Donc pas d’asservissement du système à des hygro-thermomètres, pluviomètres et autres capteurs agro-météorologiques, bien que le site ait une station météo ; pas de contrôle a priori de la réserve (d’eau du sol) facilement utilisable par la végétation (RFU) ni de son évapotranspiration (ETP en mm).
Mais cette automatisation n’est pas aveugle. Si l’organisation de la fréquence d’arrosage et de la rotation hebdomadaire des secteurs est totalement automatisée, le dosage quotidien de la pluviométrie distribuée est corrigé chaque jour en fonction de l’information de Météo France sur l’ETP. Météo France la calcule sur les relevés agro-météorologiques régionaux de la veille, mais la Conservation des jardins du Luxembourg corrige cette donnée en fonction de ses propres observations avant de la rentrer dans l’ordinateur de gestion.
Enfin, un coefficient pondérateur est affecté à chaque voie d’arrosage pilotée par son électrovanne qui augmente ou diminue cette valeur moyenne attribuée chaque jour pour mieux “coller” à la demande réelle du terrain (figures 7 et 8). Un volucompteur, installé en tête de réseau et relié à l’ordinateur, permet de comparer la quantité d’eau réellement consommée dans la nuit à celle calculée par le programme de l’ordinateur et de
détecter ainsi les éventuelles fuites ou anomalies de fonctionnement.

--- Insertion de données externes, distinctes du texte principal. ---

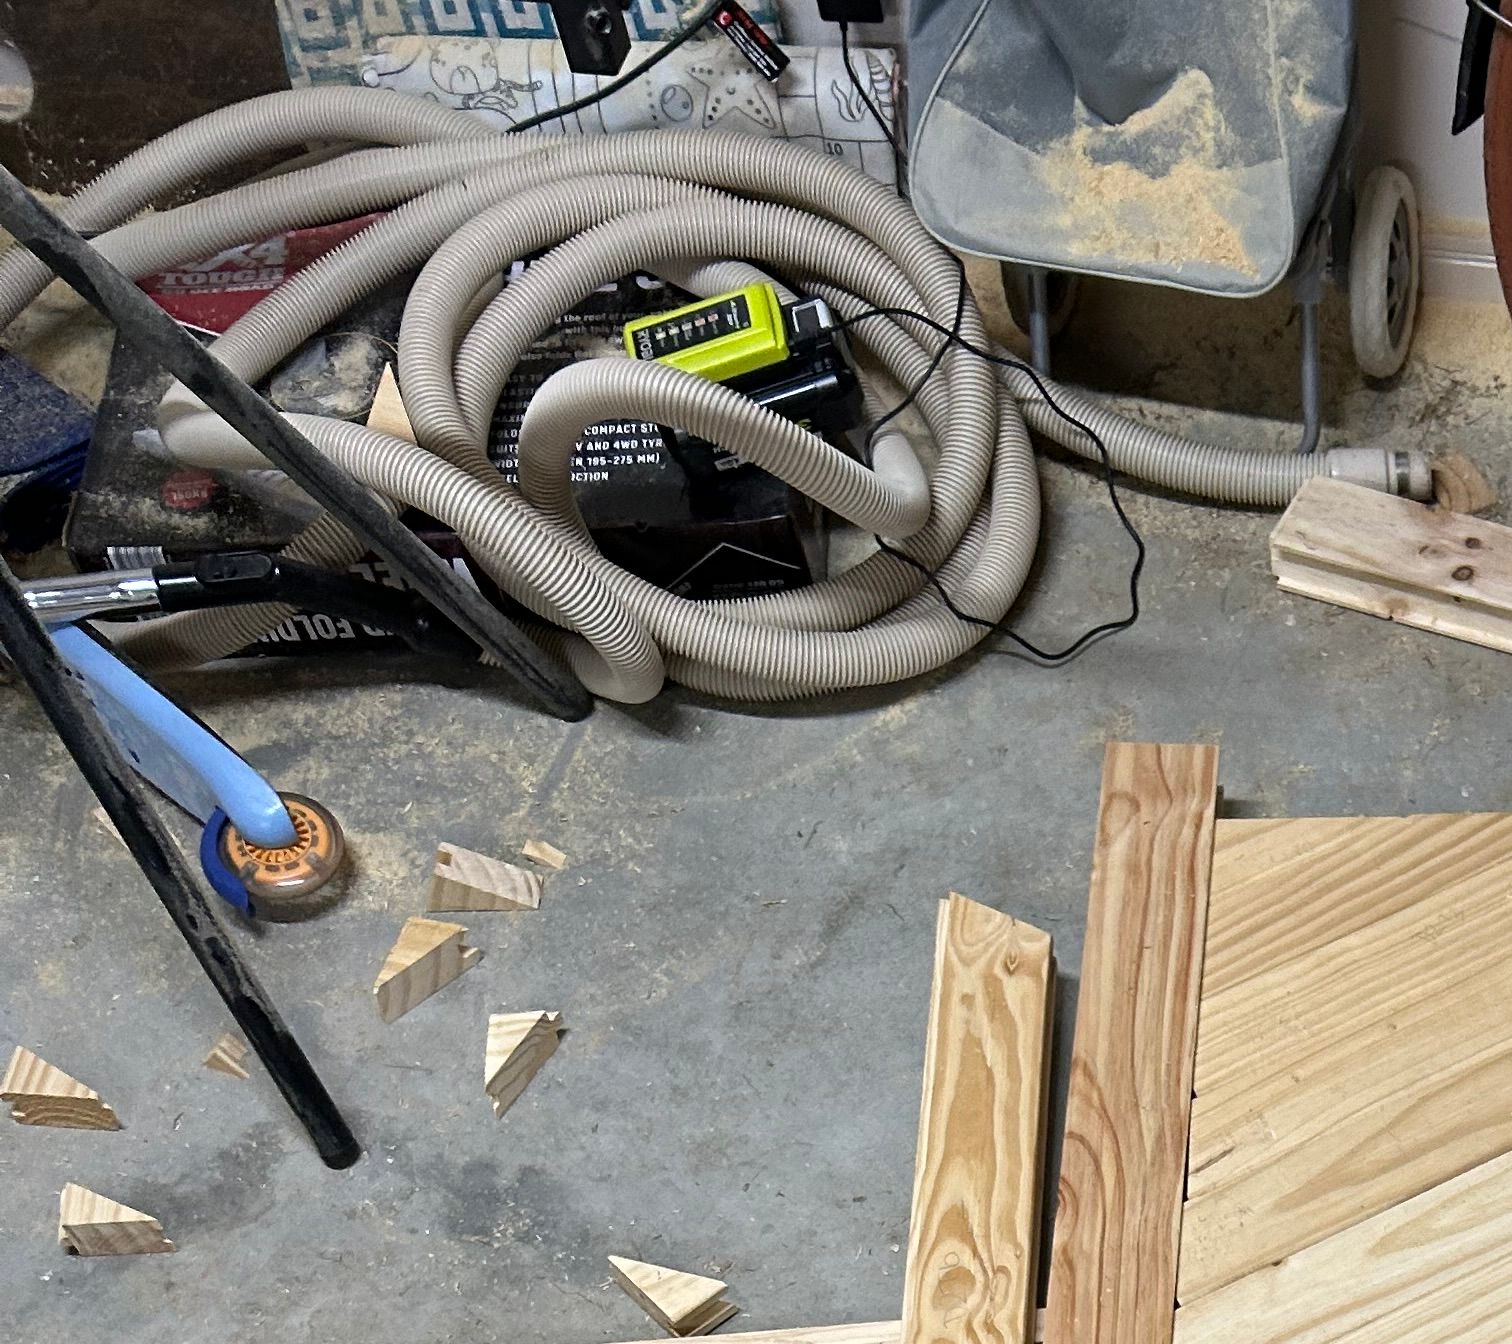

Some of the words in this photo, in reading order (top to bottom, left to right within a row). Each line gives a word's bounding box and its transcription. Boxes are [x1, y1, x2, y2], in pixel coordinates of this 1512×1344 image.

Bien que très déployé, le réseau n'est pas conçu pour arroser les 8,5 ha en une seule nuit, aussi le programme d’arrosage est hebdomadaire et tournant : les pelouses sont arrosées trois fois par semaine, les massifs et bordures de fleurs deux fois par semaine (trois fois pendant les fortes chaleurs) et les massifs d’arbustes une fois par semaine.

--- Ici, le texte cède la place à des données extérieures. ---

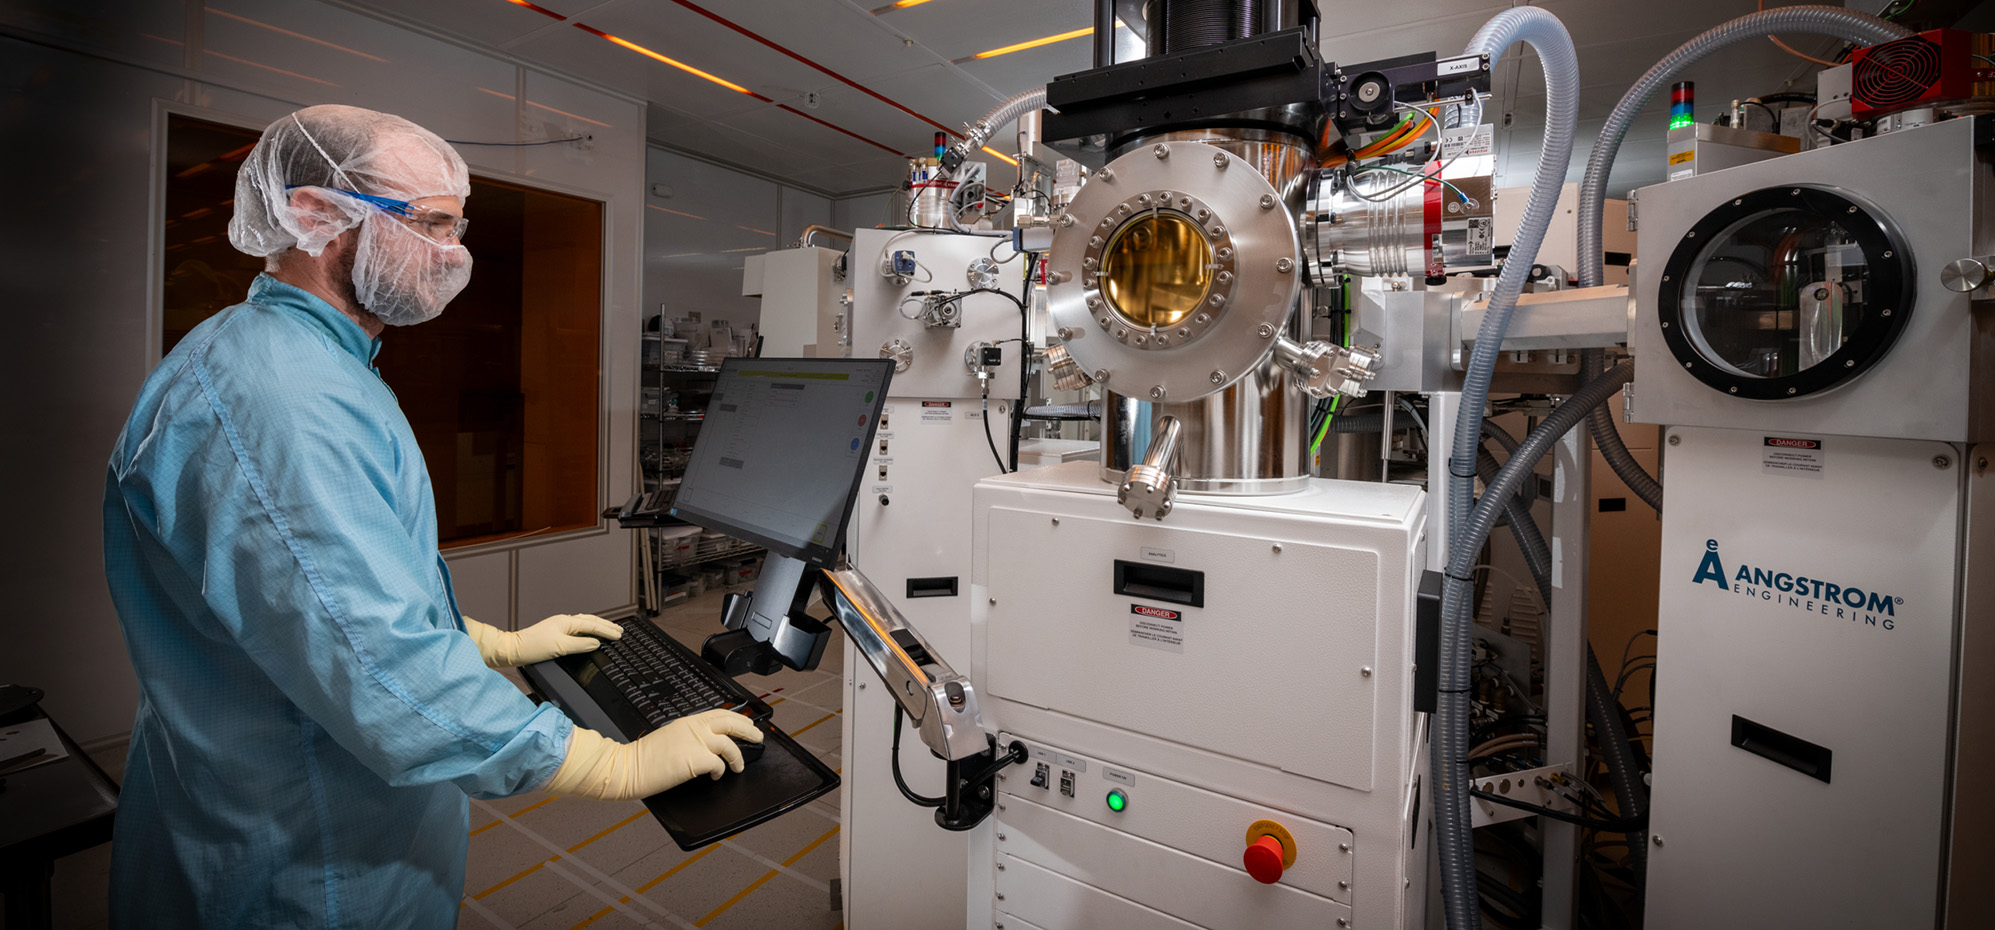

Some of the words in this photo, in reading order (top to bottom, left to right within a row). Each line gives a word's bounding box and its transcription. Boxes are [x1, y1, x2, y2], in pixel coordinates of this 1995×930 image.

[1776, 439, 1808, 448] DANGER
[1141, 607, 1170, 618] DANGER
[1734, 584, 1895, 630] ENGINEERING

Bien sûr, toutes les séquences d’arrosage sur les trois types de voies sont nocturnes, ce qui représente un grand bénéfice physiologique pour la végétation, ainsi qu'une très nette réduction de l’évaporation par rapport à l’aspersion diurne. Aujourd’hui, la perte d’eau non consommée par les plantes est essentiellement due à l’infiltration vers la nappe souterraine. Seules les pluies violentes occasionnent un ruissellement qui parvient aux égouts.
En fonction de quoi le Service de conservation des jardins du Luxembourg a pu négocier à la baisse son contrat de distribution en obtenant une détaxe pour non rejet à l’égout.
Ainsi l'économie déjà quantitativement exceptionnelle est encore plus frappante en termes financiers : en 1993, le prix contractuel du m³ fourni par la Société Parisienne des Eaux était de 12,50 F. Il est aujourd'hui de 5,50 F/m³.
Ajoutons à l’économie d’eau et à son abattement tarifaire une économie de main-d’œuvre considérable et l'on devine sans peine que l'installation sera très rapidement amortie.
Quant au public, il peut être totalement satisfait. Après une gêne localisée et limitée durant le chantier, il jouit maintenant d'un parc dont la verdure et l’éclat floral sont mystérieusement constants, dont les jardiniers ne s’escriment plus au milieu de la foule avec des hectomètres de tuyaux. Seules les têtes de jets émergent de quelques centimètres au-dessus du gazon et quelques lignes non enterrées de goutteurs irriguent discrètement des haies peu gourmandes en eau.
Nous tenons à remercier le Service de la conservation des jardins du Luxembourg, et plus particulièrement Madame Carmine, ingénieur agronome, inspectrice des jardins, pour son aimable concours et le temps qu’elle a consacré à notre information.